Практика стихотворений-«вторжений», предполагающая реконструкцию чужой поэтической системы, предъявление ее порождающей модели, уже использовавшаяся Суховей в шестистишиях 2015–2017 годов, есть и в текстах 2018–2024 гг. Но если ранее круг участников диалога был очень широким, то теперь отсылки узнаются разве что к Вс. Некрасову и Г. Сапгиру. Может быть, еще – к Я. Сатуновскому. Поэзия опять возвращается к минимализму, к поиску спонтанной речи, в которой вдруг проступает лирическое содержание.
Но, кажется, этот поиск иногда запинается – и шестистишие сопровождается авторским комментарием, призванным пояснить жанр, раскрыть «сделанность», указать на аллюзию: «стихотворение про дворника, написанное с использованием одного слова, повторенного 12 раз»; «самый короткий из возможных текст – 6 не сочетающихся между собой однобуквенных значимых слов русского языка»; «растянувшийся лимерик», «очередное определение поэзии».
Занимательная нумерология, если и не предлагает объяснения именно шести строк как формального признака – в сущности, единственного, поскольку и ритмический рисунок, и наличие-отсутствие рифм, и характер разбивки строк на группы – все это в книге вариативно, – то, по крайней мере, расширяет круг вероятных ассоциаций: «число союза и равновесия», «знак удачи или счастья», указание на «шесть дней творения», «численное выражение вселенной». Выбрать можно любой из этих рядов – и это всегда будет ряд текста как микрокосма.

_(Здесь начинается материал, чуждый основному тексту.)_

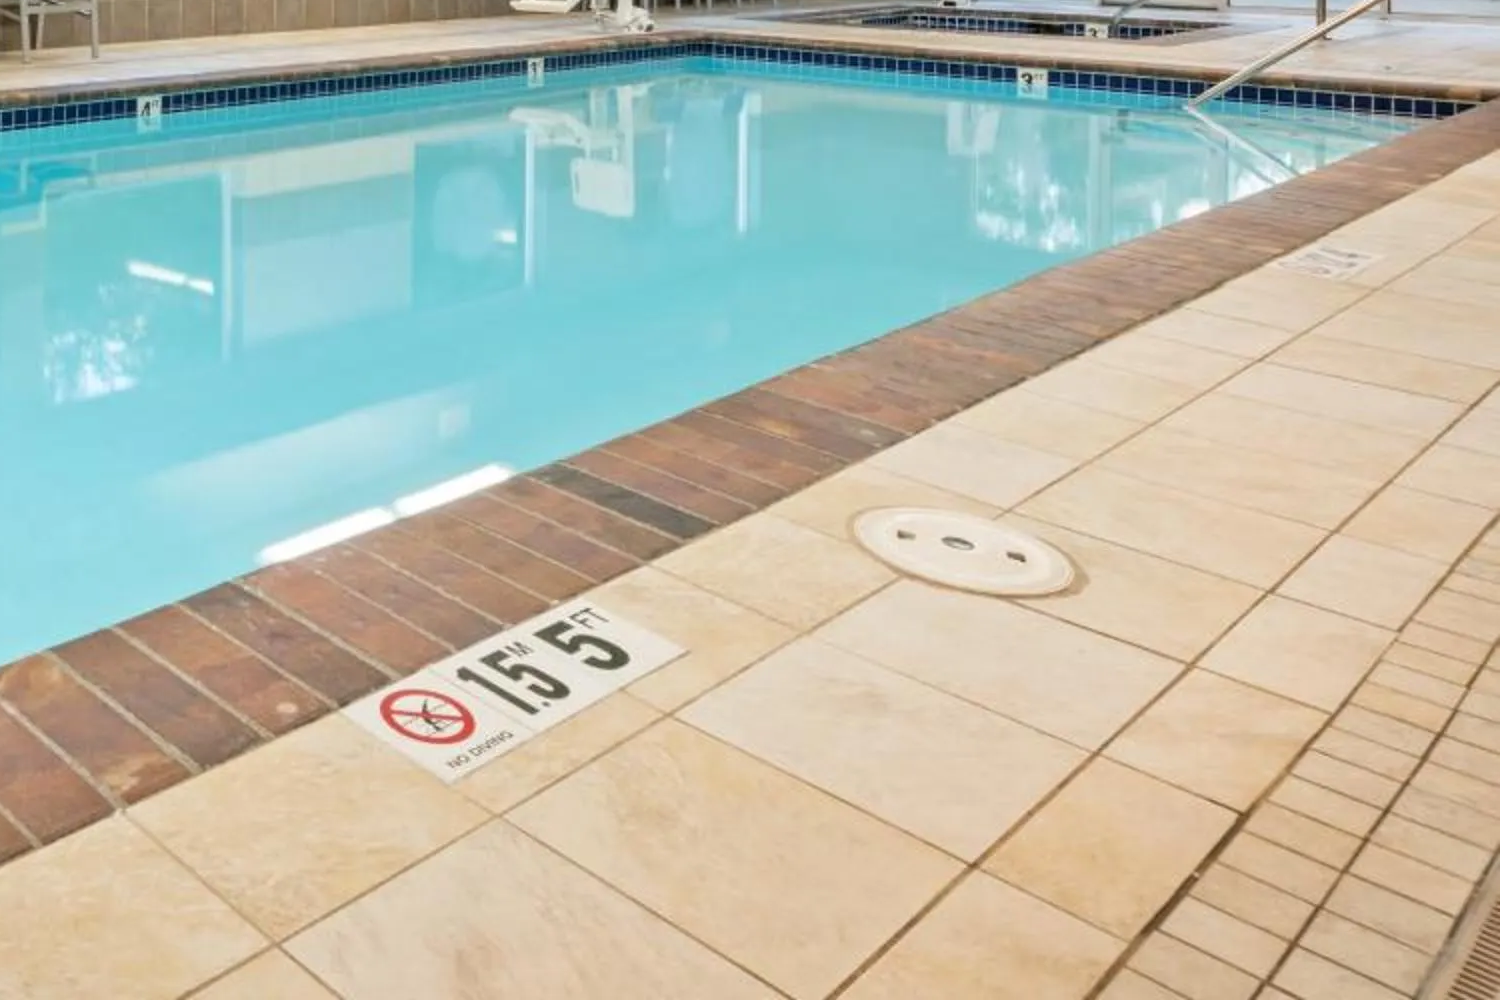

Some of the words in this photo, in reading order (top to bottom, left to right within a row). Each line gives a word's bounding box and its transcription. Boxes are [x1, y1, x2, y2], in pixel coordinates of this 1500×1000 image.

[569, 607, 610, 630] FT
[533, 620, 631, 671] 5
[445, 752, 470, 769] NO
[468, 729, 514, 758] DIVING
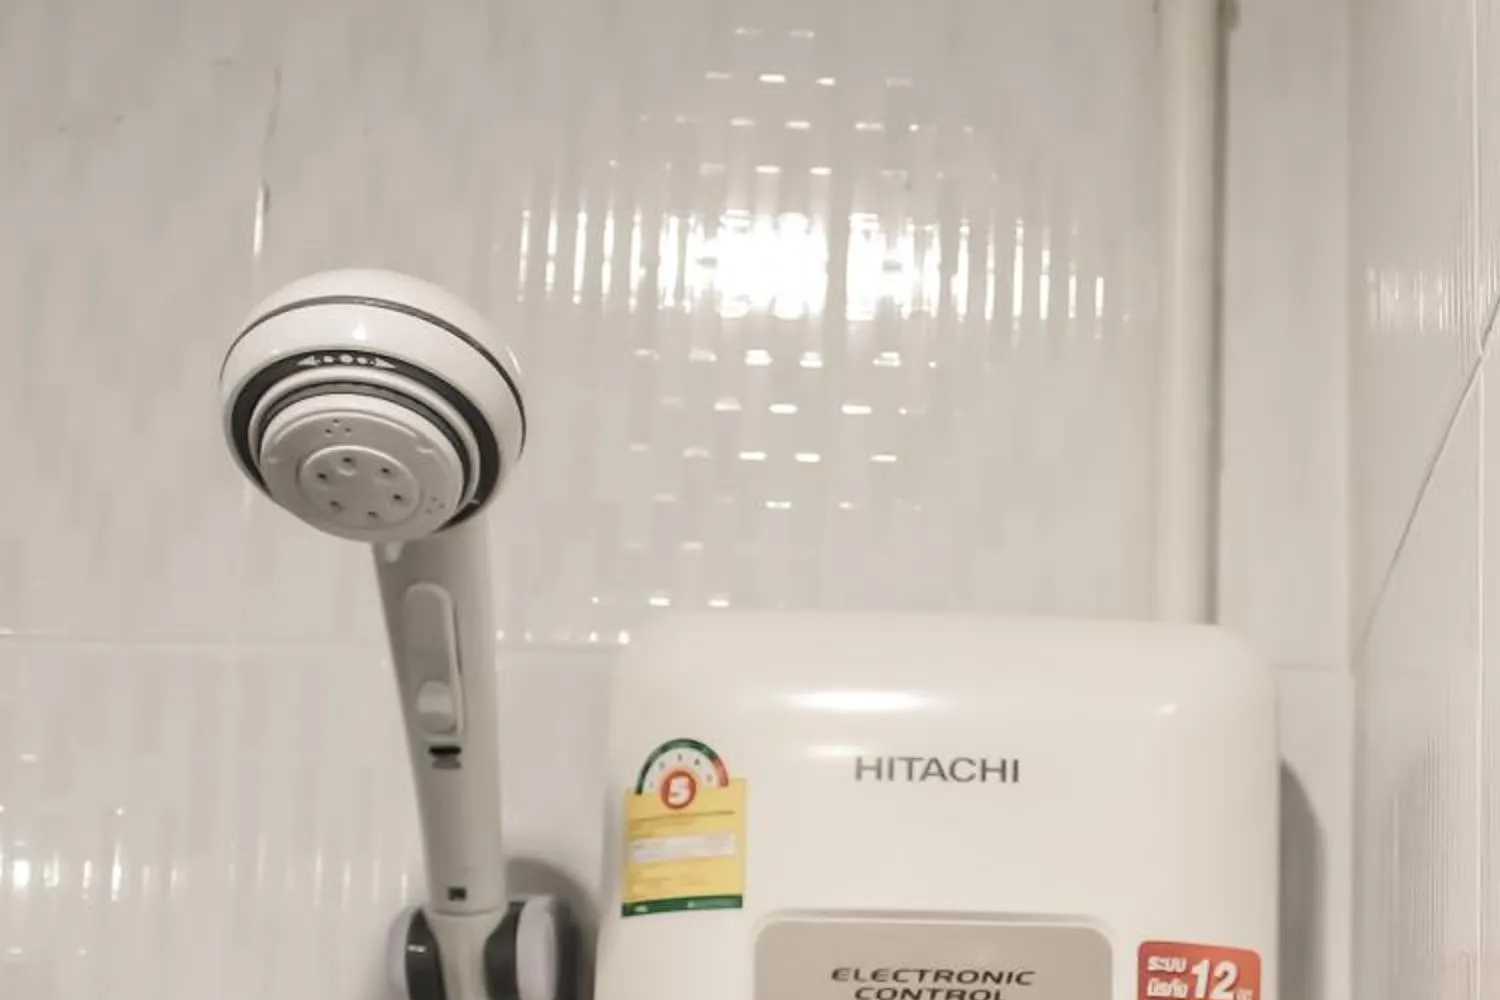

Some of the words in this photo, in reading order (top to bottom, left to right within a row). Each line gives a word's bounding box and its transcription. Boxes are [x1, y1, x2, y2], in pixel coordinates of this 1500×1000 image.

[855, 756, 1019, 783] HITACHI
[668, 775, 692, 806] 5
[831, 967, 1037, 986] ELECTRONIC

Можно зайти и с другой стороны – со стороны поэтической меры; шесть – ни много, ни мало. Больше, чем одно четверостишие, но меньше, чем два; возможно, некоторая часть недописанной секстины; вероятная пара двух терцетов – при определенных условиях. То есть это и промежуточная форма, часть чего-то большего – и форма самая что ни на есть «серьезная», самодостаточная. Это текст как акробатический трюк, в котором все «быстро, правильно и красиво» (Е. Фанайлова), и в то же время текст как протяженность, где до последней строки надо еще «дотащиться» (Д. Пригов).
Трюк как совершение на глазах изумленного зрителя чего-то, превосходящего меру разумения, сдвигающего границы реальности – удачная ассоциативная параллель к поэтологии Суховей. Ее стихи по преимуществу именно «трюковые», построенные на каком-то одном ярком семантическом жесте, и это факт, который стоит воспринимать совершенно безоценочно. Сегодня, когда одновременно существует столько поэтик, кажется, не стоит удивляться тому, что есть поэтики «игровые», связывающие поэзию с эффектом изумления.